Lorenzo Labadie lead a very active life. He was born August 10, 1825 in the Rio Grande Valley, south of Albuquerque. In 1851 he was the sheriff of Valencia County, On February 16, 1852, he married Maria de los Reyes Refugio Rayitos Giddings-Gutierrez. (A very colorful personality herself) In 1854 there is documentation of him being a sheriff of Santa Fe. He then became an Indian agent for several tribes. In 1855 he was an Indian agent for Utes. In 1856 he was an Indian agent in Abiquiú. In1862 he was an Indian agent at Anton Chico. In 1863 he was an Indian agent in Bosque Redondo, just out side of Fort Sumner. The present day address is 3647 Billy the Kid Rd, Fort Sumner, NM. There was a lot going on there at that time and I am still doing research. In 1865 he was an Indian agent for the Jicarilla Indians near Agua Negra present day Santa Rosa. In 1867 he was sent to Texas to get Indians to release white captives, another cool story I need to research. Then my favorite part of Lorenzo's life.... In 1871 He got a merchant's license and opened a wine shop in Puerto de Luna. It's not hard for me to imagine the grape vines and orchards along the Pecos in Puerto de Luna.And then at last in 1880 he was the census taker. Billy the Kid was on the census, confirming the stories I had heard that Billy the Kid had taught my great Uncle Hilario Valdez how to read and write in English when he was 7 yrs old. Lot of history here also. Then on May 8, 1884 he became the Post Master of Santa Rosa until Dec. 14, 1898. April 20, 1885 he signed a petition to get Rifles for Puerto de Luna. On February 2, 1893 won case against Celso Baca for cheating on Election for seat on the 30th. Legislation Assembly of N.M. as representation for Guadalupe Co. Lorenzo died on August 10, 1904, in Puerto De Luna, New Mexico and was buried there in the El Calvario Cemetery.

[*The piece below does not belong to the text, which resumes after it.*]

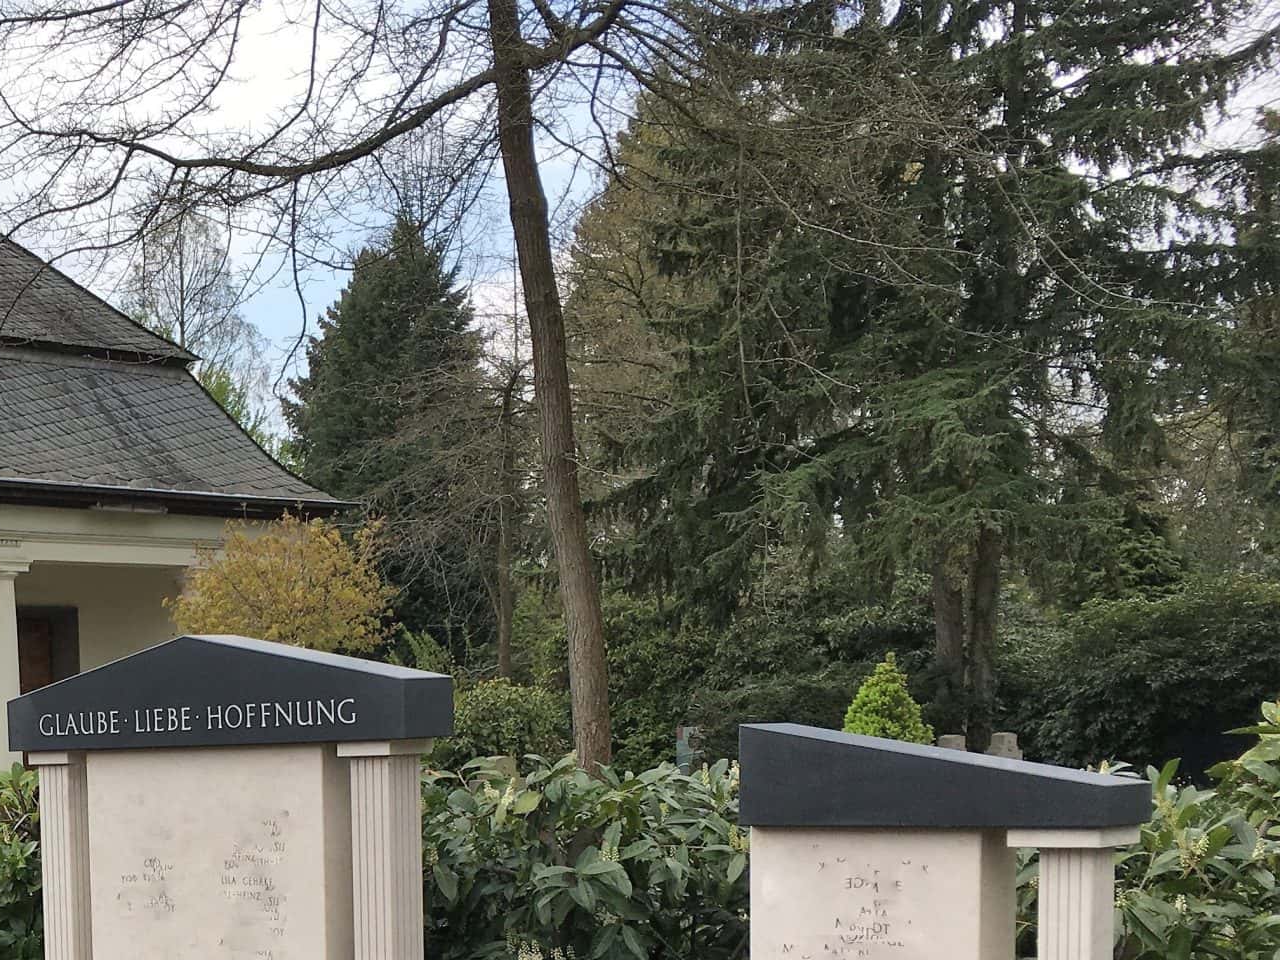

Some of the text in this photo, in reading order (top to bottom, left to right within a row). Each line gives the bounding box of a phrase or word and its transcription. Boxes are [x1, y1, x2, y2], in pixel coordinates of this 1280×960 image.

[39, 698, 357, 737] GLAUBE LIEBE HOFFNUNG

My thoughts now, six weeks into quarantine. I am so grateful to have a safe home and groceries. I thought I loved HEB before but I love them even more now because they have provided curbside pickup for groceries. I have been impressed with most of my family and friends and our effort to flatten the curve by staying home. I think with greater awareness of how viruses and pandemics work, along with better healthcare, we have a better chance than they did in 1918, even if we are working against a president who urges us to not trust the press and has followers who believe the pandemic is a hoax. I feel badly for those areas with dense populations like NYC who rely on public transportation. I am grateful to all my musician friends for the streaming concerts on Facebook and ZOOM conversations with friends. I am grateful for everyone who has checked in on me by phone, text or Facebook. I am grateful for the essential workforce who has continued to work such as healthcare workers and those who work at the grocery stores and pharmacies. I pray that this pandemic takes a downward turn by May 15 so my son can reopen his restaurant. For now I am home, watching lots of movies, eating lots of home cooked meals and feeling grateful that in this moment I feel healthy and I have a cat. And to all that read this please stay safe, stay home as much as possible and be grateful in every moment.